# [AIM OF THE TASK]
Would you reproduce each of the records below precisely, with the pictures left out?

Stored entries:
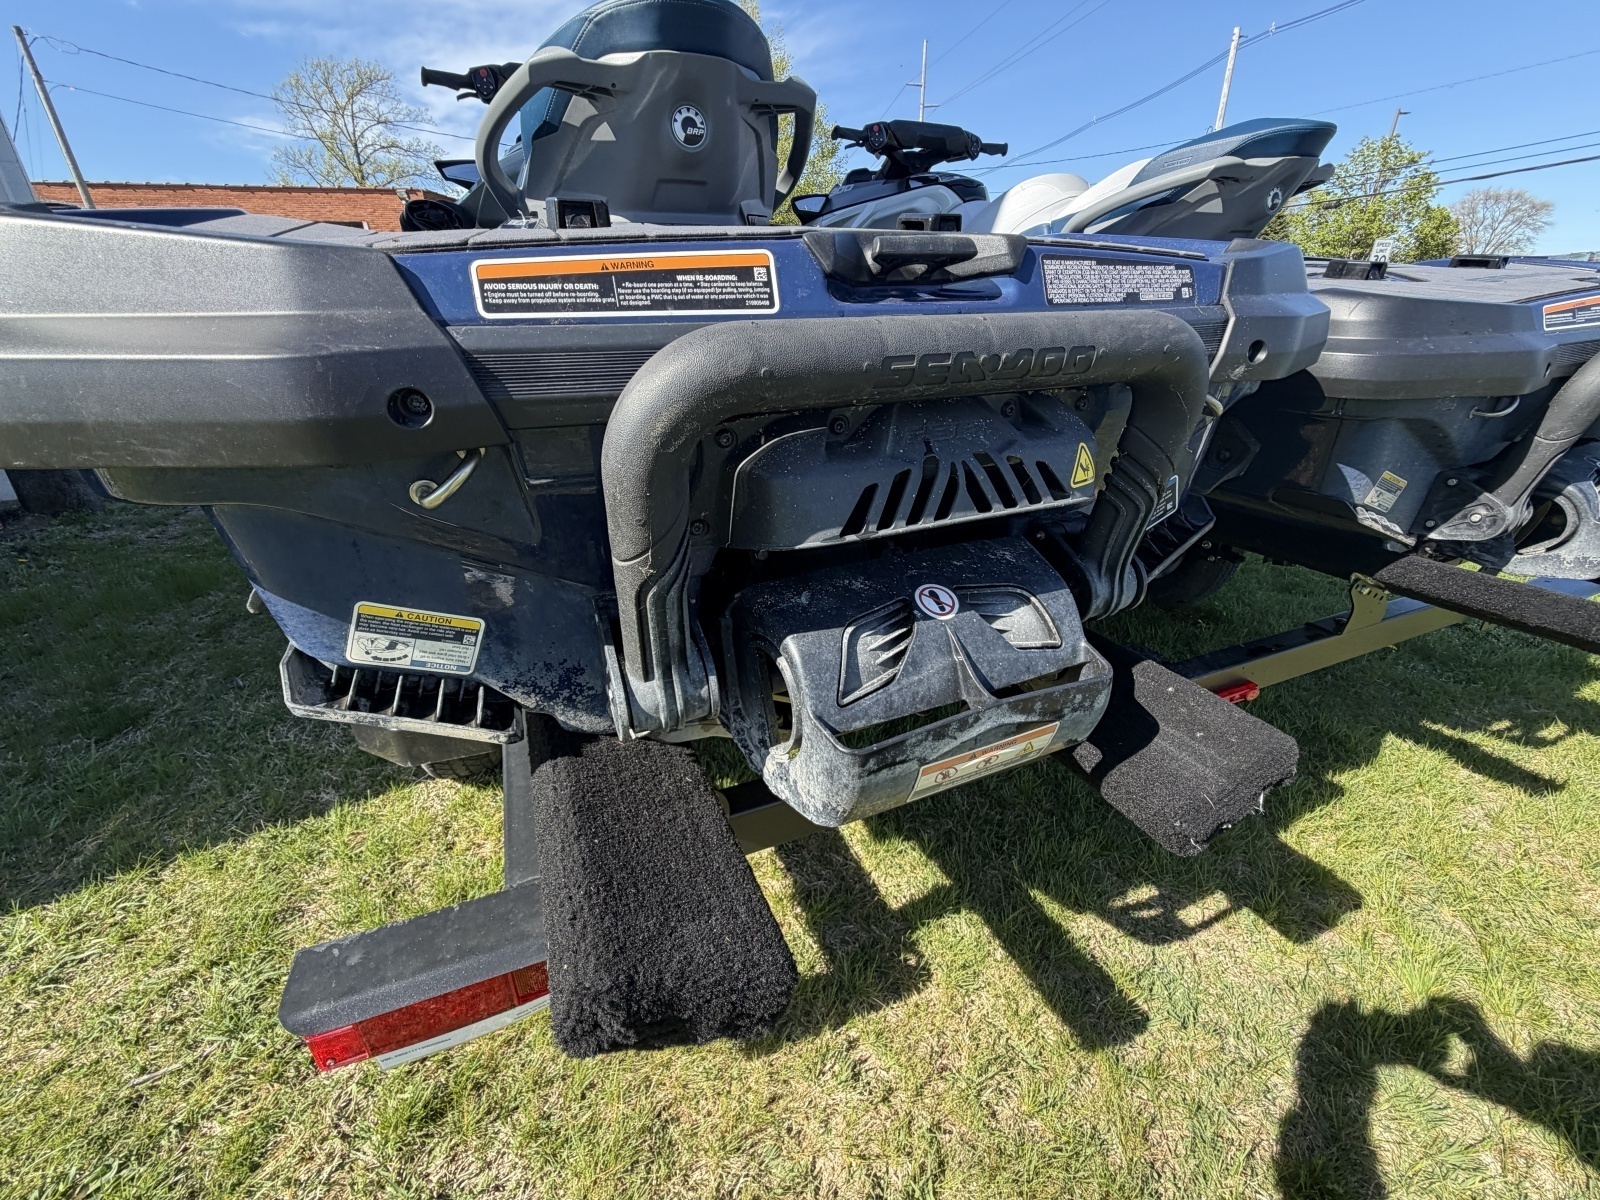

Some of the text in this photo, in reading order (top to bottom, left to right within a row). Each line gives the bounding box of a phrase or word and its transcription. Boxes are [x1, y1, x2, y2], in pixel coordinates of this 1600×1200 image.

[686, 127, 704, 136] BRP
[610, 260, 654, 270] WARNING
[407, 613, 452, 624] CAUTION
[425, 662, 457, 671] NOTICE
[981, 740, 1018, 755] WARNING
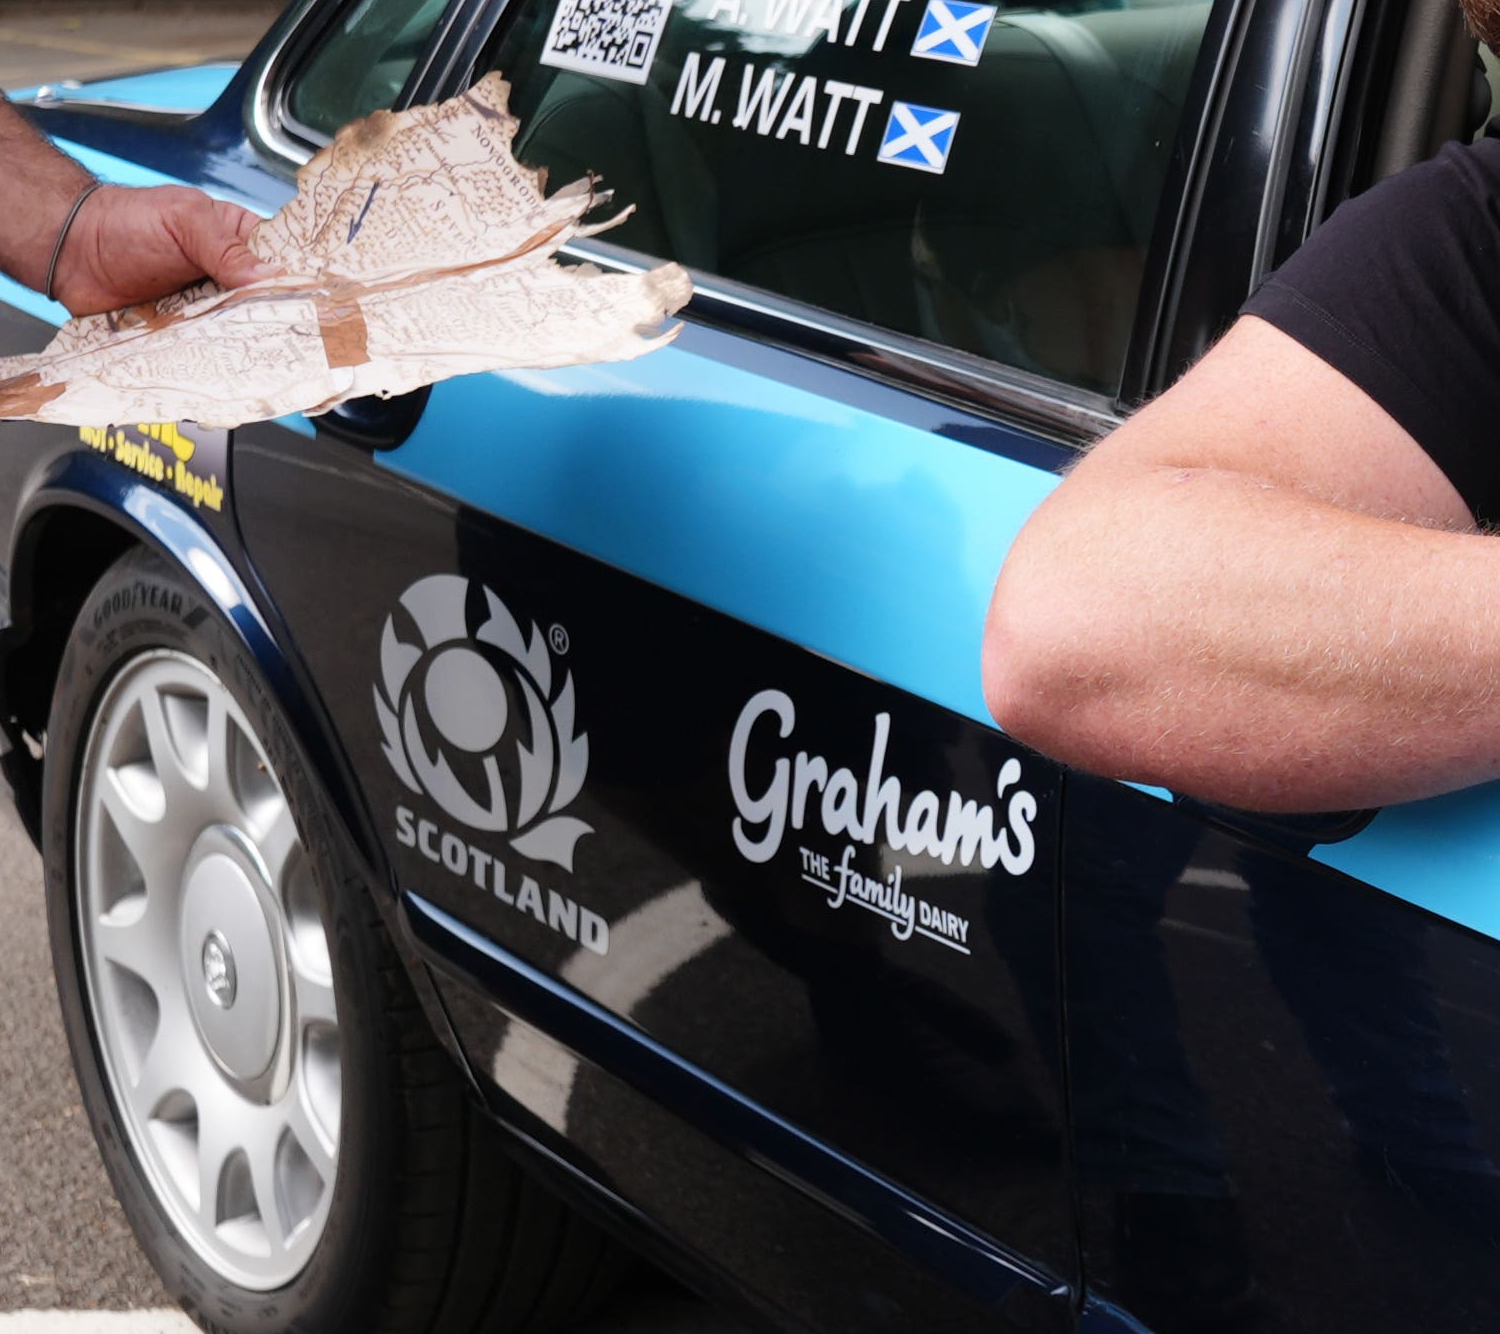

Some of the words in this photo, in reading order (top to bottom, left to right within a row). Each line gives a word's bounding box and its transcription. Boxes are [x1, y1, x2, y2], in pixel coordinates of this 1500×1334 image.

[670, 52, 725, 123] M.
[734, 65, 883, 156] WATT
[115, 429, 164, 482] Service
[175, 458, 223, 512] Repair
[728, 688, 1037, 876] Graham's
[394, 804, 610, 956] SCOTLAND
[799, 846, 831, 881] THE
[827, 845, 916, 941] family
[919, 900, 970, 943] DAIRY
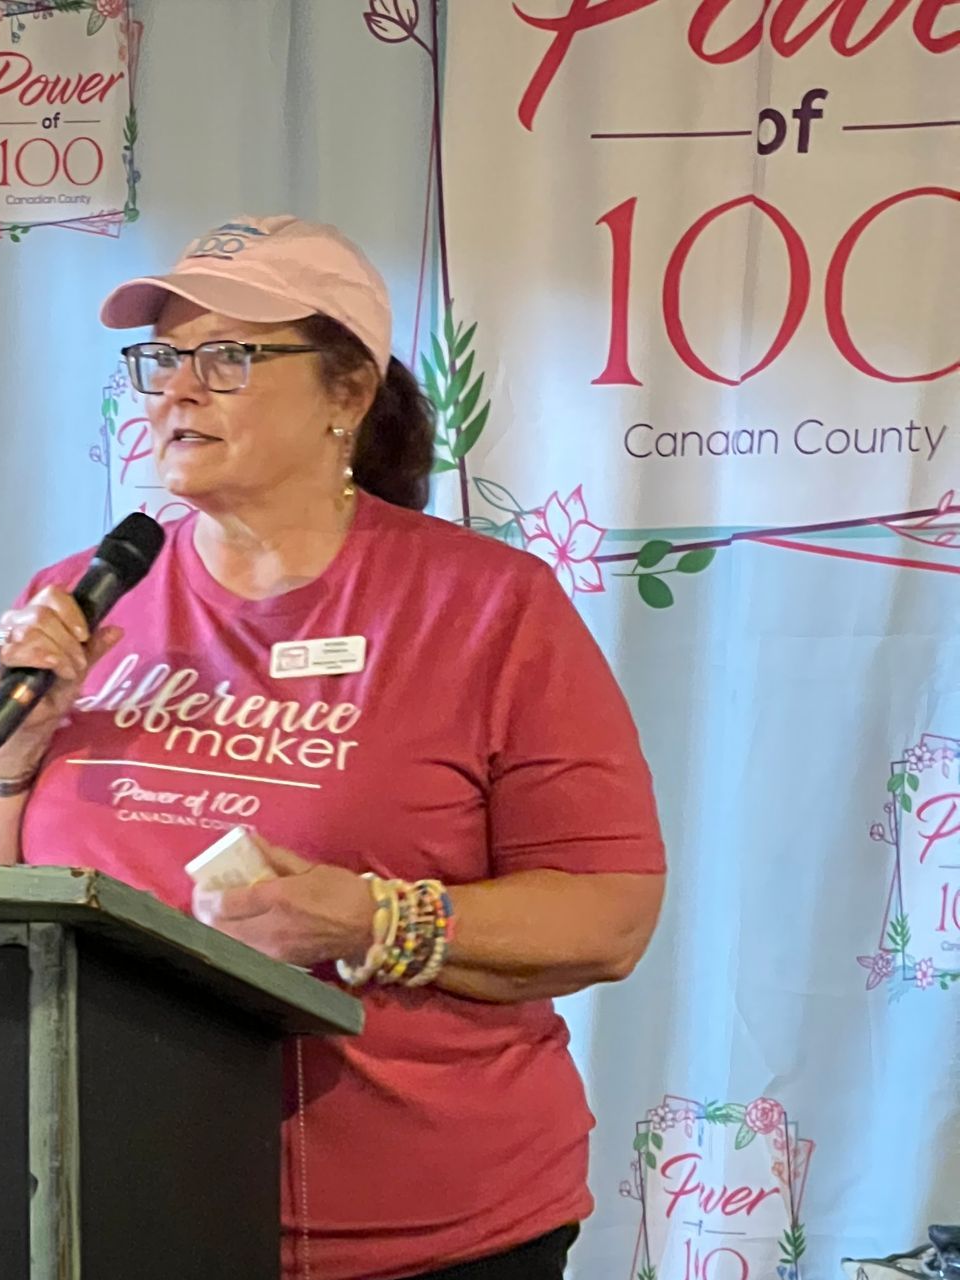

# [OUTPUT FOR THIS TASK]
Some of the text in this photo, in reading order (top to bottom, left to right within a row). Each line gives the bounding box of a phrase or word and its transcription. Boxes are [x1, y1, x2, y2], in pixel coordinates of this 1600×1200 image.

[686, 127, 704, 136] BRP
[610, 260, 654, 270] WARNING
[407, 613, 452, 624] CAUTION
[425, 662, 457, 671] NOTICE
[981, 740, 1018, 755] WARNING

Some of the words in this photo, in reading order (top to bottom, left to right within a row). Each line gives a word's bounding box and its transcription. Boxes are [x1, y1, x2, y2], in pixel coordinates of this 1500×1334 image.

[670, 52, 725, 123] M.
[734, 65, 883, 156] WATT
[115, 429, 164, 482] Service
[175, 458, 223, 512] Repair
[728, 688, 1037, 876] Graham's
[394, 804, 610, 956] SCOTLAND
[799, 846, 831, 881] THE
[827, 845, 916, 941] family
[919, 900, 970, 943] DAIRY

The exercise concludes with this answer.